Phase 4: Full AI Agent (Vision)

  • 🔄 Autonomous Decision Making: Plan and execute multi-step operations
  • 🔄 Context Awareness: Understand database state and user intent
  • 🔄 Proactive Suggestions: Suggest optimizations and insights
  • 🔄 Natural Conversation: Maintain context across multiple interactions

🧩 Schema Integration (Phase 2A)

Schema integration allows the agent to load and cache your actual database schema using the schema-graph-builder library.

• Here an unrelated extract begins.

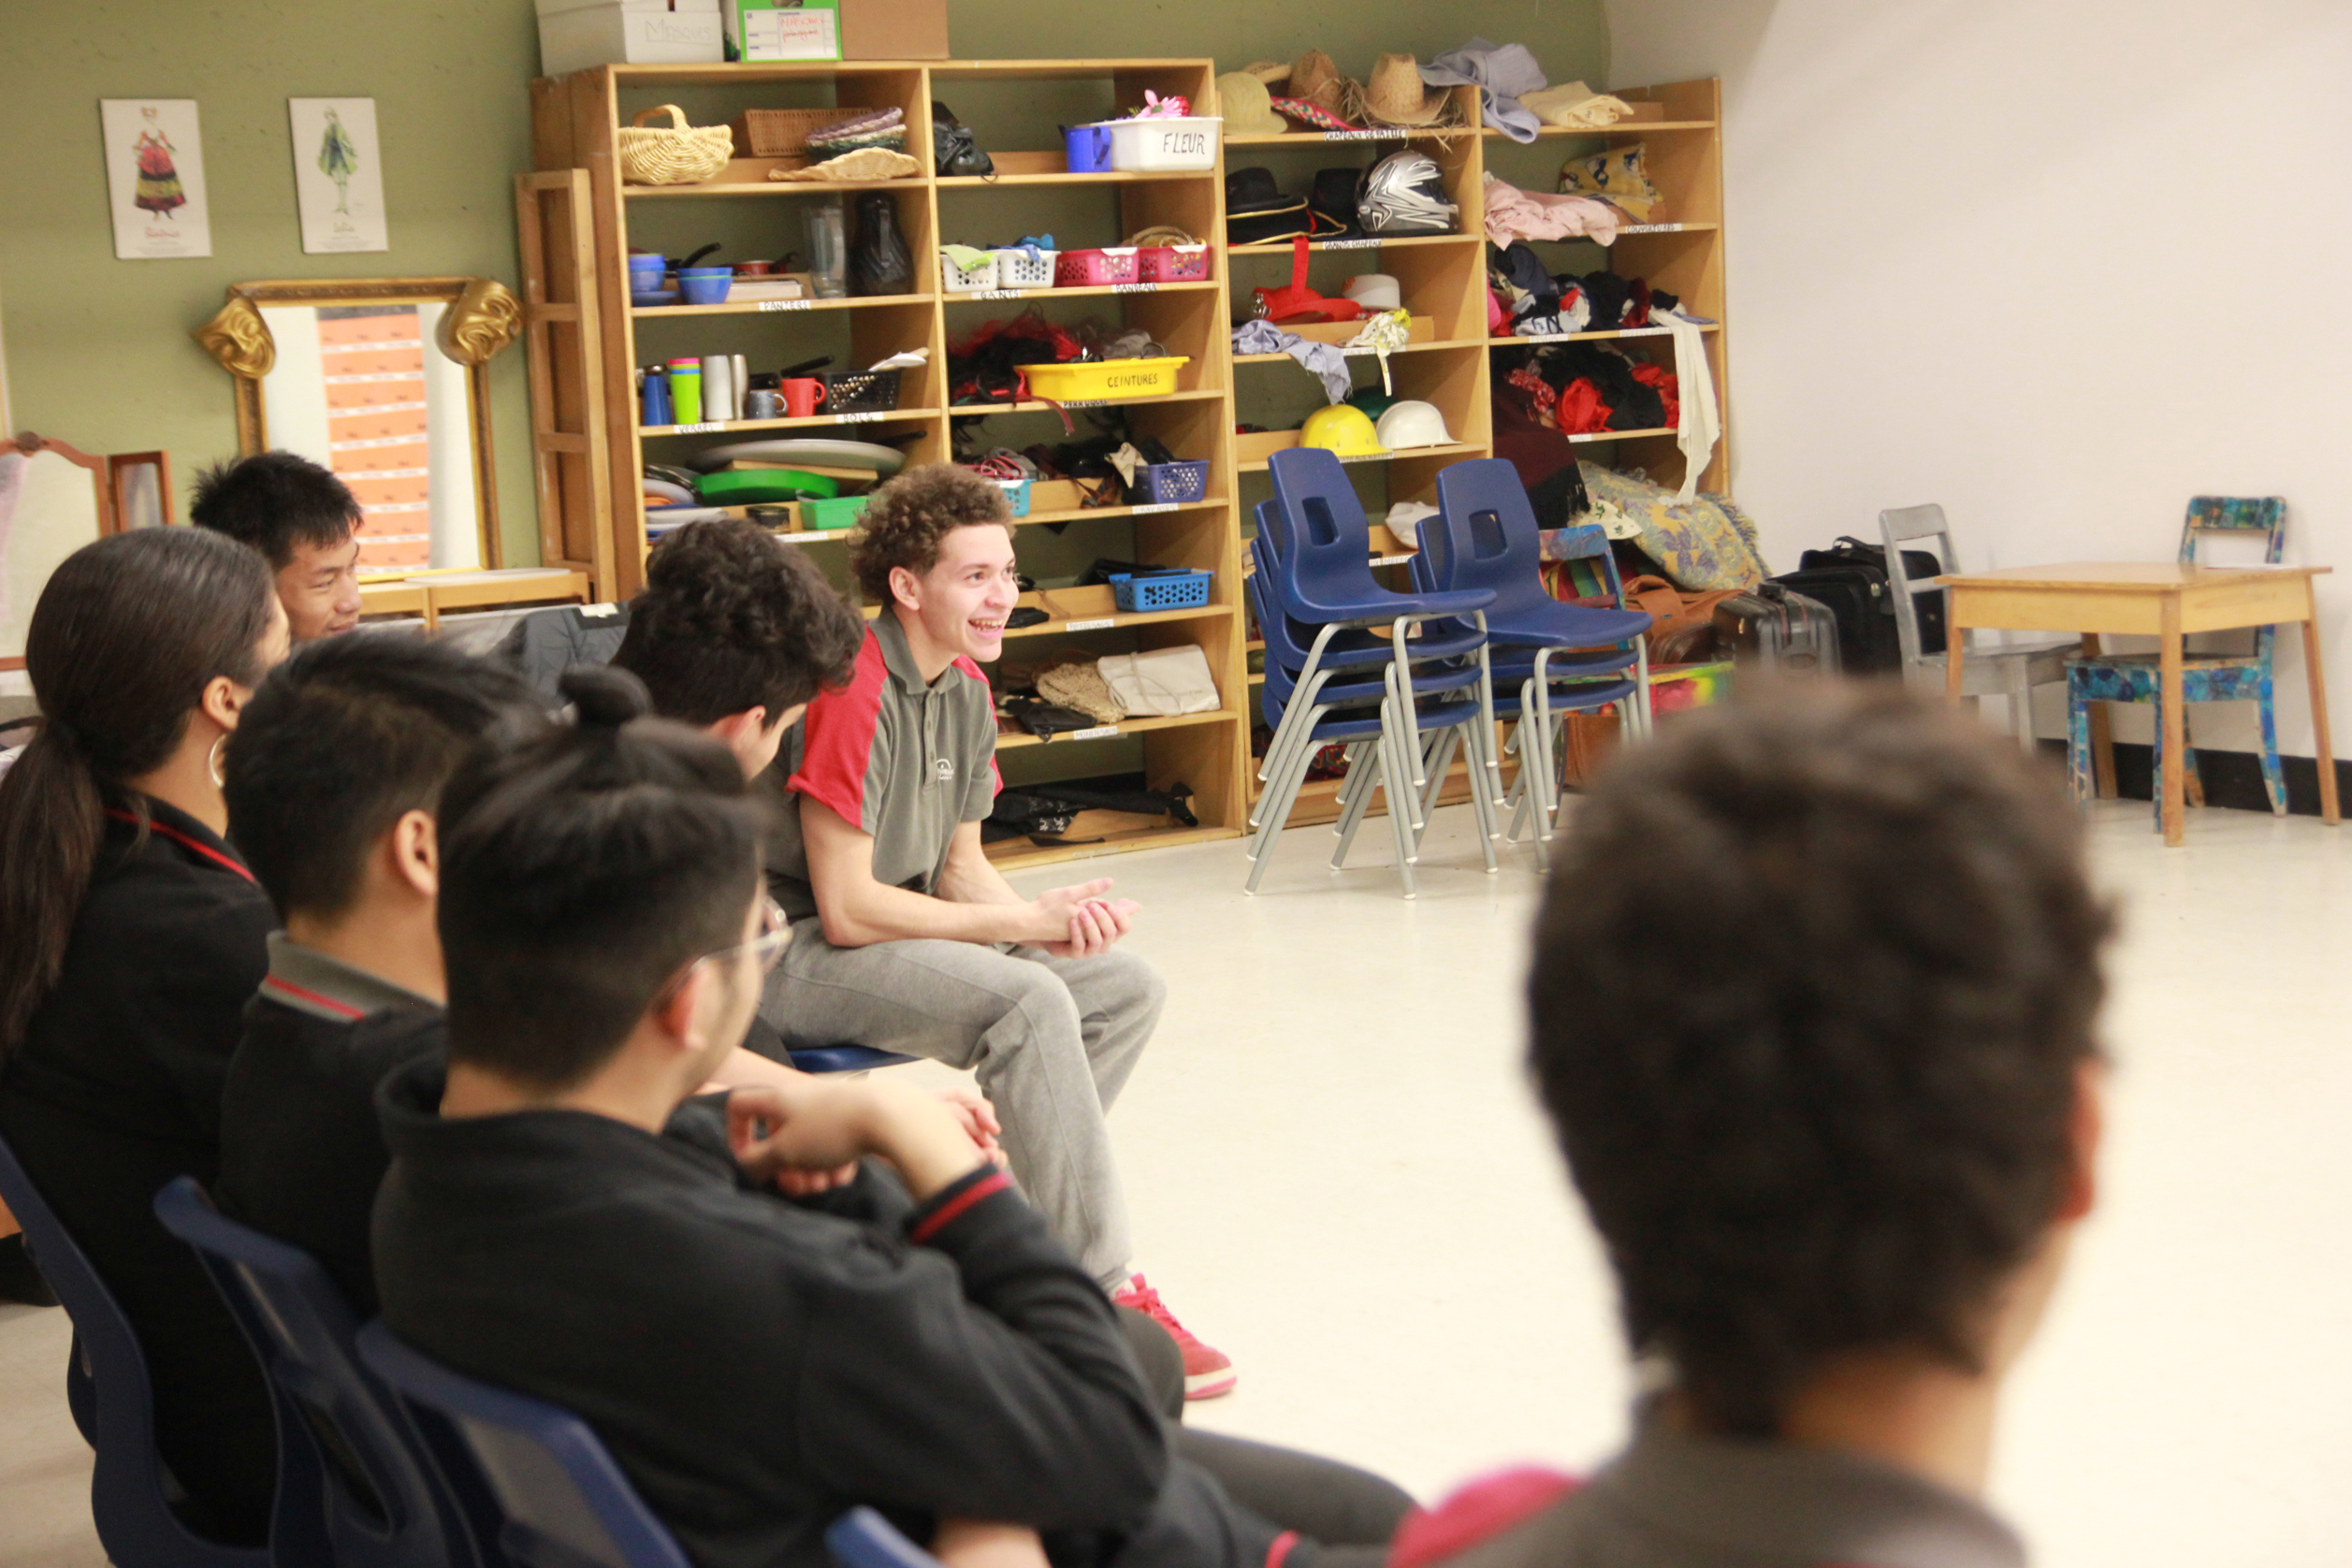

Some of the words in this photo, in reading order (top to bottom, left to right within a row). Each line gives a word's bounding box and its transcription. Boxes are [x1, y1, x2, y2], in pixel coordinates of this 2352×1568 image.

This enables future schema-aware SQL generation and validation.

What it does

  • Loads tables, columns, and relationships from your database
  • Caches schema for fast access
  • Provides schema context for future LLM-based SQL generation

How to enable

  1. Install schema-graph-builder (see below)
  2. Add a schema section to your config/llm_config.yaml:
schema:
  enabled: true
  database_url: "postgresql://user:pass@localhost/dbname"
  refresh_interval: 3600  # seconds
  1. The agent will automatically load and cache your schema if enabled.

Dependency

You must install schema-graph-builder in development mode:

pip install -e ../schema-graph-builder

🤝 Contributing

  1. Fork the repository
  2. Create a feature branch
  3. Make your changes
  4. Add tests
  5. Submit a pull request

📄 License

This project is licensed under the MIT License.